SUPPLIED DATA:
▼

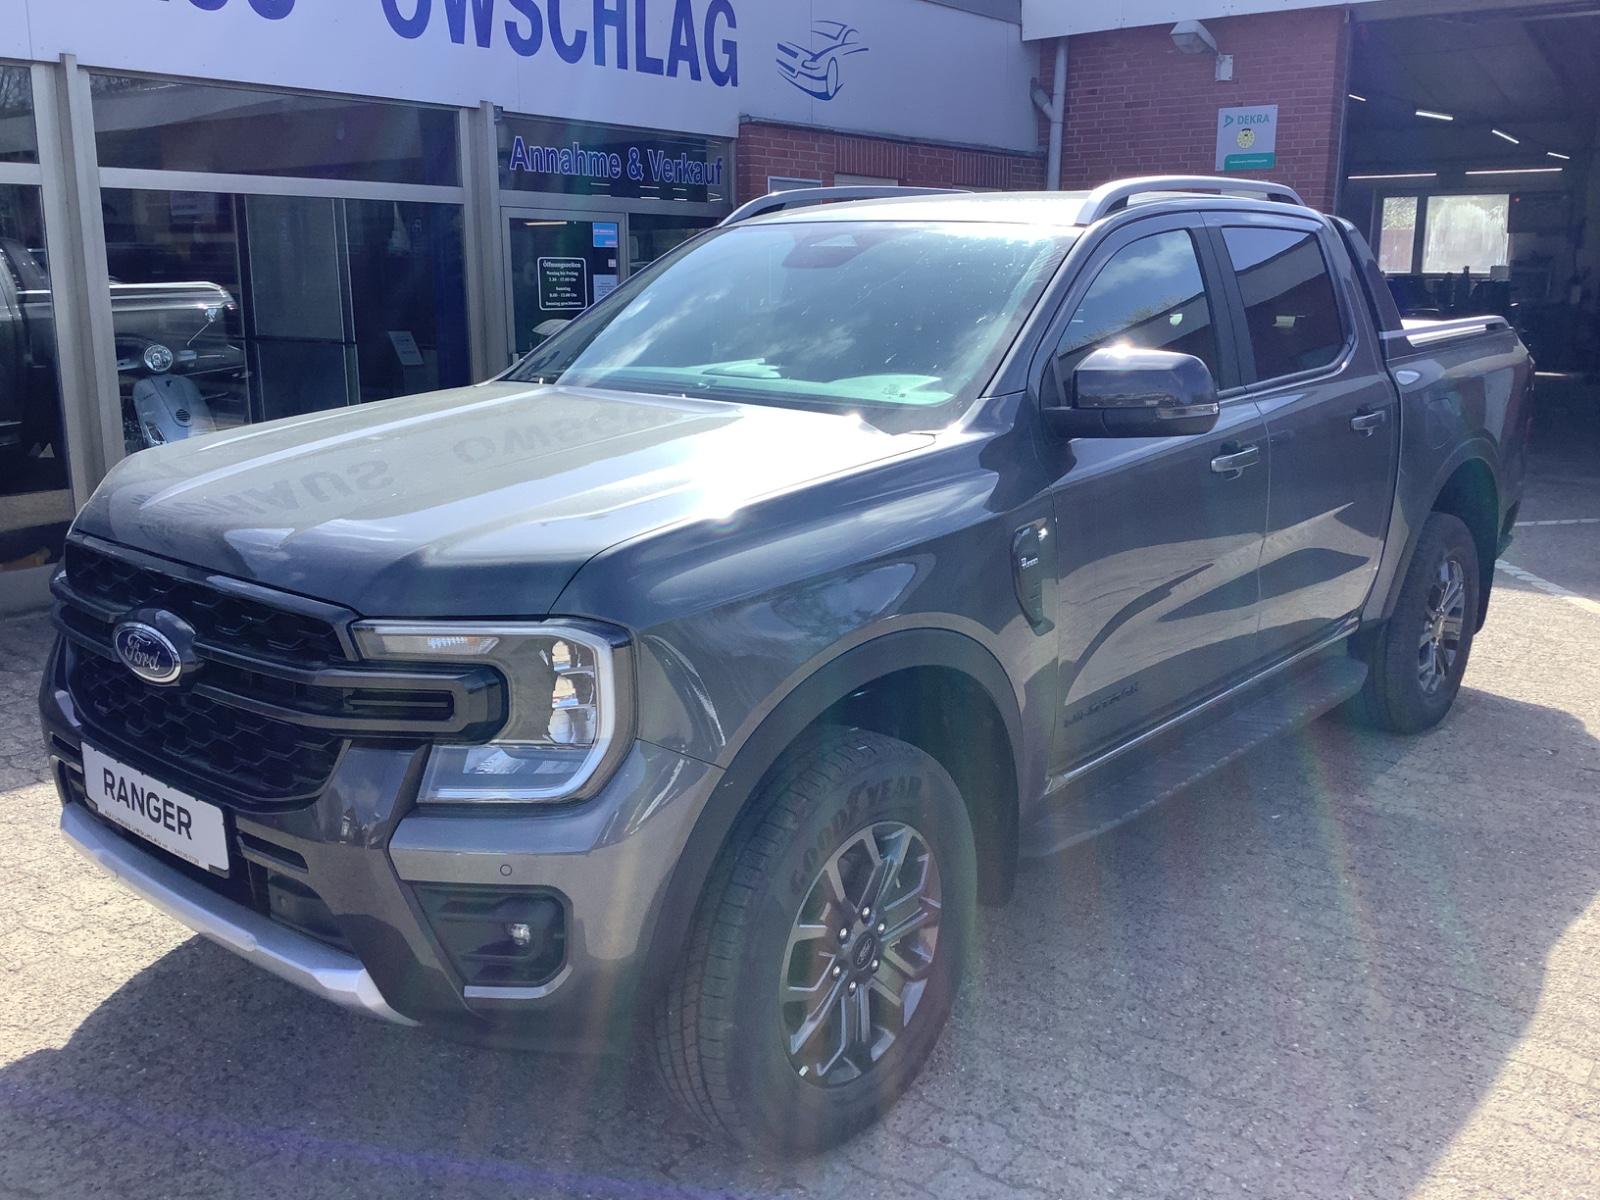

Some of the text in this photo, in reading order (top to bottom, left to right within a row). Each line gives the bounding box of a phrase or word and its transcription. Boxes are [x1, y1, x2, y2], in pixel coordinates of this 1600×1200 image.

[1237, 114, 1270, 125] DEKRA
[509, 136, 723, 185] Annahme & Verkauf
[124, 632, 160, 672] Ford
[103, 767, 193, 841] RANGER
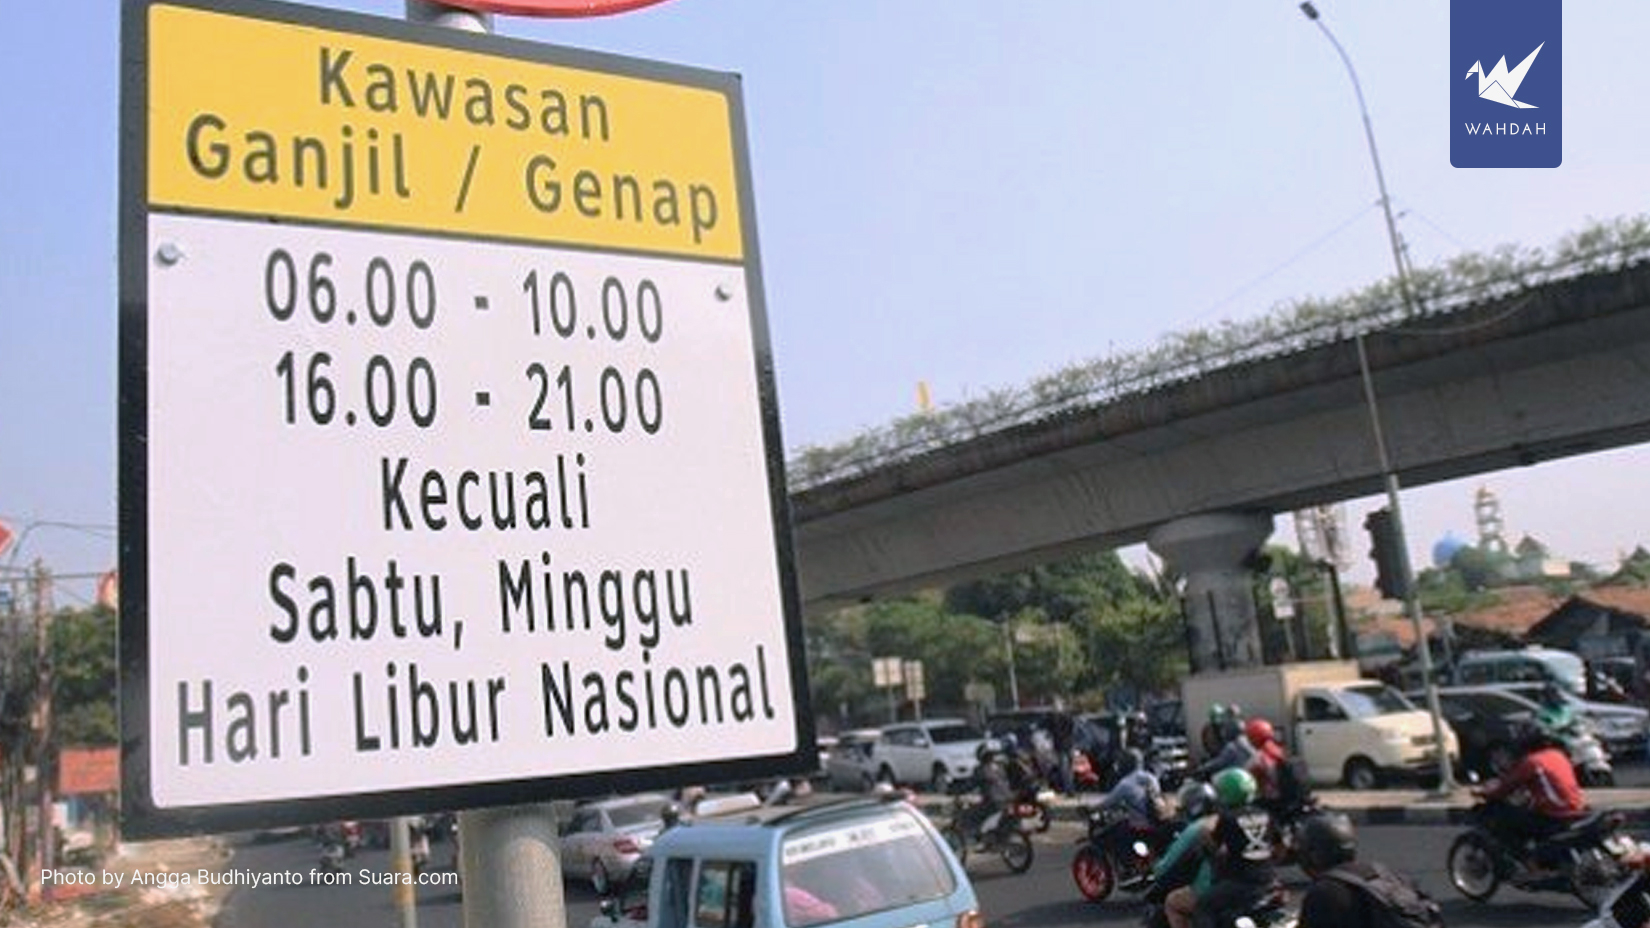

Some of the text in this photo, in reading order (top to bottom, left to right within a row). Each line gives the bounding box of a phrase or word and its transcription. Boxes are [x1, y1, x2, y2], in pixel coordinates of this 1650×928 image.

[318, 46, 611, 142] Kawasan
[186, 114, 719, 243] Ganjil / Genap
[264, 248, 664, 344] 06.00 - 10.00
[276, 350, 664, 436] 16.00 - 21.00
[381, 454, 591, 532] Kecuali
[269, 553, 694, 650] Sabtu, Minggu
[177, 645, 776, 766] Hari Libur Nasional
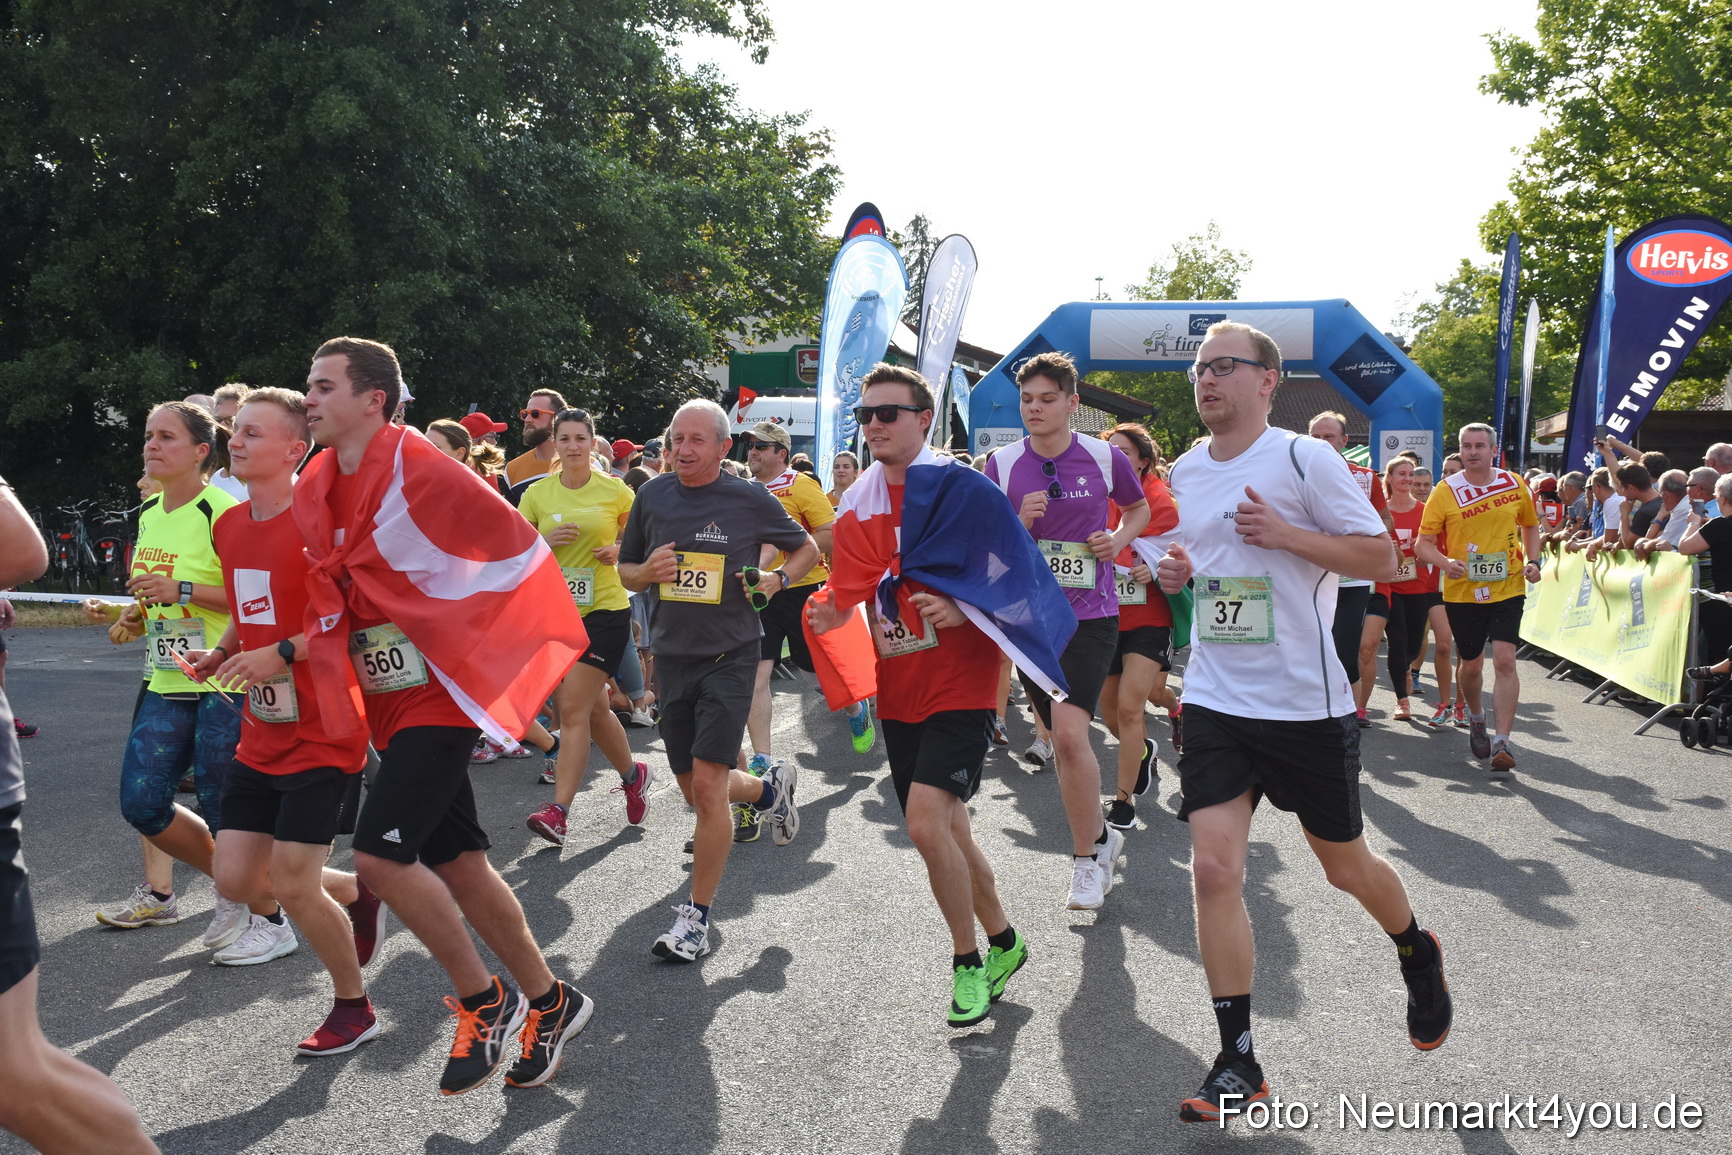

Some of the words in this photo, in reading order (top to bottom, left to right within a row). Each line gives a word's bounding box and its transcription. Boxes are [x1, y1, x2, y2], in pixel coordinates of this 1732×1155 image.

[1639, 243, 1729, 275] Hervis
[1650, 269, 1684, 277] SPORTS
[946, 263, 967, 327] AUTOMOBILE
[1070, 489, 1093, 498] LILA.
[1461, 502, 1491, 520] MAX
[1493, 493, 1521, 508] BÖGL
[136, 547, 179, 564] Müller
[1049, 557, 1084, 575] 883
[1472, 562, 1503, 575] 1676
[1214, 600, 1243, 625] 37
[157, 637, 190, 657] 673
[902, 637, 919, 645] Tobias
[362, 646, 405, 677] 560
[396, 669, 412, 678] Loris
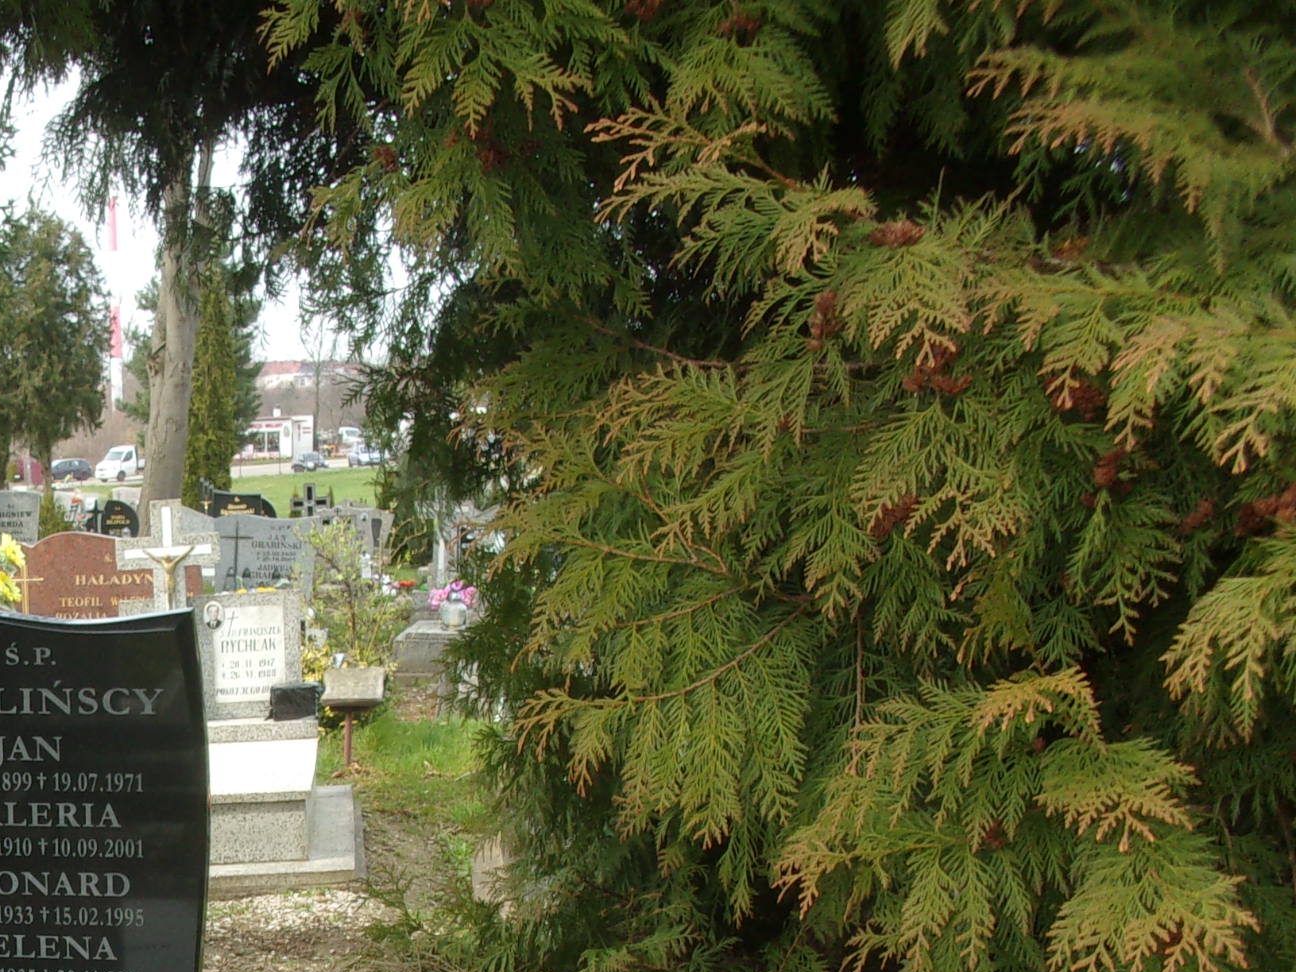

▲

TASK REQUIREMENTS: Your copy of the data above should match it exactly, apart from the images.

COMPLETED EXERCISE:
Some of the text in this photo, in reading order (top to bottom, left to right within a row). Each line gives the bounding box of a phrase or word and its transcription. Boxes are [x1, y1, x2, y2], in pixel coordinates of this 1600×1200 image.

[1237, 114, 1270, 125] DEKRA
[509, 136, 723, 185] Annahme & Verkauf
[124, 632, 160, 672] Ford
[103, 767, 193, 841] RANGER

Some of the text in this photo, in reading order (top to bottom, left to right within a row). Each line gives the bounding box of a phrase or word and its transcription. Boxes are [x1, y1, x2, y2], in pixel coordinates of this 1650×928 image.

[318, 46, 611, 142] Kawasan
[186, 114, 719, 243] Ganjil / Genap
[264, 248, 664, 344] 06.00 - 10.00
[276, 350, 664, 436] 16.00 - 21.00
[381, 454, 591, 532] Kecuali
[269, 553, 694, 650] Sabtu, Minggu
[177, 645, 776, 766] Hari Libur Nasional

Some of the words in this photo, in reading order (top to bottom, left to right within a row). Each line gives a word's bounding box and its transcription. Boxes are [x1, y1, x2, y2], in pixel coordinates of this 1732×1155 image.

[1639, 243, 1729, 275] Hervis
[1650, 269, 1684, 277] SPORTS
[946, 263, 967, 327] AUTOMOBILE
[1070, 489, 1093, 498] LILA.
[1461, 502, 1491, 520] MAX
[1493, 493, 1521, 508] BÖGL
[136, 547, 179, 564] Müller
[1049, 557, 1084, 575] 883
[1472, 562, 1503, 575] 1676
[1214, 600, 1243, 625] 37
[157, 637, 190, 657] 673
[902, 637, 919, 645] Tobias
[362, 646, 405, 677] 560
[396, 669, 412, 678] Loris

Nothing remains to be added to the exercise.